Topical tranexamic acid has been used to treat PIE [11] . Vascular laser therapy is also useful for the treatment of PIE. This is because light sources are well targeted for red changes [12] . Therefore, dermabrasion, laser resurfacing, radiofrequency, subscision, skin needling, punch technique, chemical peeling, soft tissue augmentation, intralesional therapy, cryosurgery, and silicon decompression are used as cosmetic therapies for acne scarring [13] . Fractional microneedling radiofrequency (FMR) is commonly used to treat acne-induced PIE [14] . FMR induces dermal structure remodeling and decreases sebaceous gland activity.

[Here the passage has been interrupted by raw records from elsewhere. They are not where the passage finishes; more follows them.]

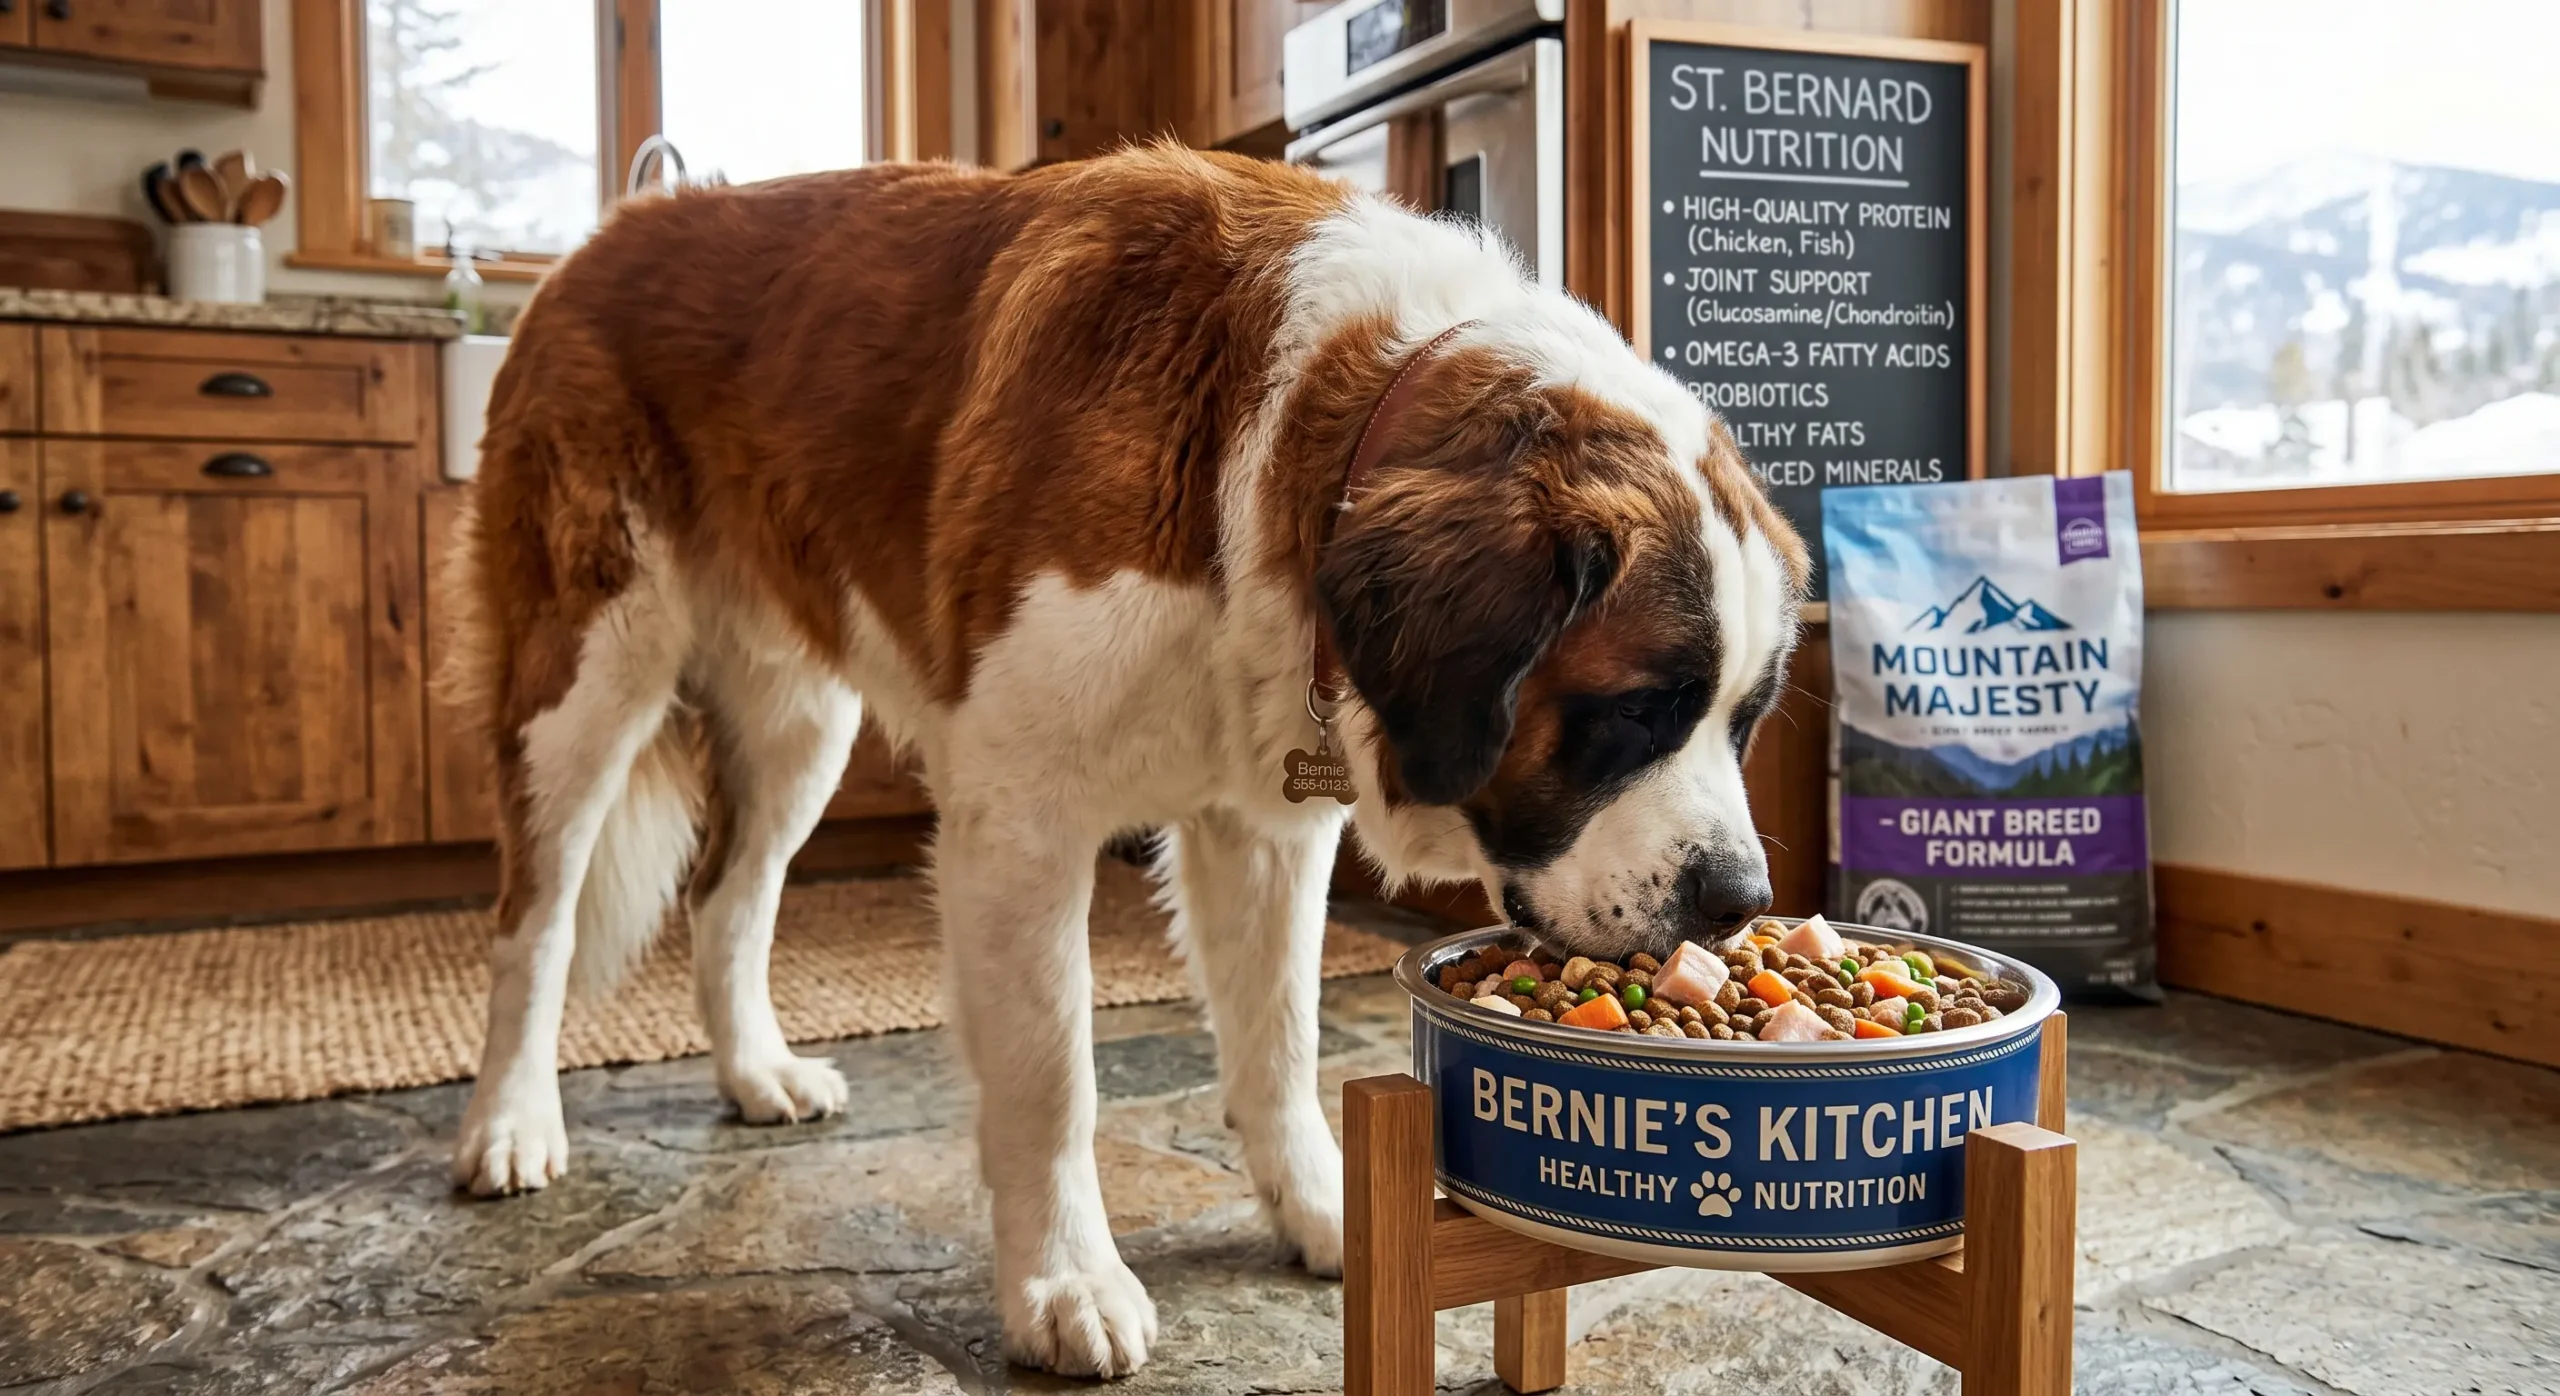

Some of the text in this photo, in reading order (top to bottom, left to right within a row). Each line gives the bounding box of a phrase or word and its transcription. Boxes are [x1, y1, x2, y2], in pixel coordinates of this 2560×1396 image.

[1670, 64, 1933, 124] ST. BERNARD
[1701, 126, 1903, 172] NUTRITION
[1683, 196, 1951, 229] HIGH-QUALITY PROTEIN
[1688, 224, 1855, 259] (Chicken, Fish)
[1684, 267, 1872, 296] JOINT SUPPORT
[1687, 296, 1955, 330] (Glucosamine/Chondroitin)
[1685, 340, 1951, 369] OMEGA-3 FATTY ACIDS
[1737, 421, 1866, 447] LTHY FATS
[1825, 458, 1944, 485] MINERALS
[1872, 637, 2109, 677] MOUNTAIN
[1885, 680, 2100, 717] MAJESTY
[1293, 779, 1350, 792] 555-0123
[1298, 762, 1345, 777] Bernie
[1900, 808, 1996, 836] GIANT
[2004, 807, 2102, 836] BREED
[1926, 840, 2076, 867] FORMULA
[1472, 1067, 1993, 1162] BERNIE'S KITCHEN
[1539, 1156, 1927, 1211] HEALTHY NUTRITION

It also decreases nuclear factor-κB, interleukin-8, and vascular endothelial growth factor levels, resulting in the modulation of inflammatory and vascular components and inhibition of neovascularization and residual erythema [14] .

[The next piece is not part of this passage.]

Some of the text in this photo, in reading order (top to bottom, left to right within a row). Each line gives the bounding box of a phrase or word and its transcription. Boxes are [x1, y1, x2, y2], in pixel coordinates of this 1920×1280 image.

Intense-pulse lasers are widely used to treat skin pigmentation and vascular diseases [4] . This treatment targets porphyrin, melanin, hemoglobin, and water. Therefore, it is effective for treating PIE and PIH in patients with acne. The effectiveness of pulsed-dye lasers is attributed to their ability to target hemoglobin and small vascular processes [4] . Q-switched laser is an alternative treatment for PIE [4] . Conventional treatments, such as chemical peeling, are also effective for PIE and PIH [6] .

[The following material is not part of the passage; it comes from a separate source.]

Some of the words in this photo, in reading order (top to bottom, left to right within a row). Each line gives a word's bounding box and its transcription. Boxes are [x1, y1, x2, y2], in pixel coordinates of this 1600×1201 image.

In the present case, conservative nonsurgical treatment was initiated. Topical tacrolimus hydrate ointment is effective for the treatment of PIE. To reduce the inflammation caused by PIE, topical tacrolimus treatment may be effective in preventing AS formation. It is also effective for the treatment of rosacea [15] . Tacrolimus hydrate ointment, which is usually used to treat atopic dermatitis, suppresses T-cell activation by inhibiting the calcineurin/NF-AT system, the production of cytokines such as interleukin-2 and interferon, and the induction of cytotoxic T cells, resulting in immunosuppressive effects [16] . It has also been reported to inhibit vascular endothelial growth factor and angiogenesis and is effective against inflammatory erythema from acne [17] . In this case, the TE and ASs improved with topical tacrolimus application. However, TE caused by acne has not been previously reported.
Further case reports are necessary to clarify the pathogenesis involved.
4. Conclusion
A case report of acne-related concurrent complications such as telangiectasia, post-inflammatory erythema, post-inflammatory hyperpigmentation, and atrophic and hypertrophic scars was treated with topical corticosteroid injections and topical tacrolimus ointment.
Ethics Statement
Informed consent was obtained from the patients for inclusion in the study and publication of their images.